*Dataset entries*:
- Opening Delimiter -
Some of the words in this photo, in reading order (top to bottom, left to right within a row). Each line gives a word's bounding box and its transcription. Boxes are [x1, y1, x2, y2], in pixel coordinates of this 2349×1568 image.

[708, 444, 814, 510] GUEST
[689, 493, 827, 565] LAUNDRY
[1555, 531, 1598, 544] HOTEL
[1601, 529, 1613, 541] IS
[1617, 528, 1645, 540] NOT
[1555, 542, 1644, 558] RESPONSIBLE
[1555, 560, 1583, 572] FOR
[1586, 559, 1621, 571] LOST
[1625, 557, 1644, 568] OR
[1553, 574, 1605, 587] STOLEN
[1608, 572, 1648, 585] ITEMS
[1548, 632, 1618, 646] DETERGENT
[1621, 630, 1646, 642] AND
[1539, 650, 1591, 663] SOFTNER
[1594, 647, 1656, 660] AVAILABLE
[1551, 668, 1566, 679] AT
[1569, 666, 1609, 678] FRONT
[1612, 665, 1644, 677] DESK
- Closing Delimiter -
When you reach the end of the data above, set it all down again unchanged.

Some of the words in this photo, in reading order (top to bottom, left to right within a row). Each line gives a word's bounding box and its transcription. Boxes are [x1, y1, x2, y2], in pixel coordinates of this 2349×1568 image.

[708, 444, 814, 510] GUEST
[689, 493, 827, 565] LAUNDRY
[1555, 531, 1598, 544] HOTEL
[1601, 529, 1613, 541] IS
[1617, 528, 1645, 540] NOT
[1555, 542, 1644, 558] RESPONSIBLE
[1555, 560, 1583, 572] FOR
[1586, 559, 1621, 571] LOST
[1625, 557, 1644, 568] OR
[1553, 574, 1605, 587] STOLEN
[1608, 572, 1648, 585] ITEMS
[1548, 632, 1618, 646] DETERGENT
[1621, 630, 1646, 642] AND
[1539, 650, 1591, 663] SOFTNER
[1594, 647, 1656, 660] AVAILABLE
[1551, 668, 1566, 679] AT
[1569, 666, 1609, 678] FRONT
[1612, 665, 1644, 677] DESK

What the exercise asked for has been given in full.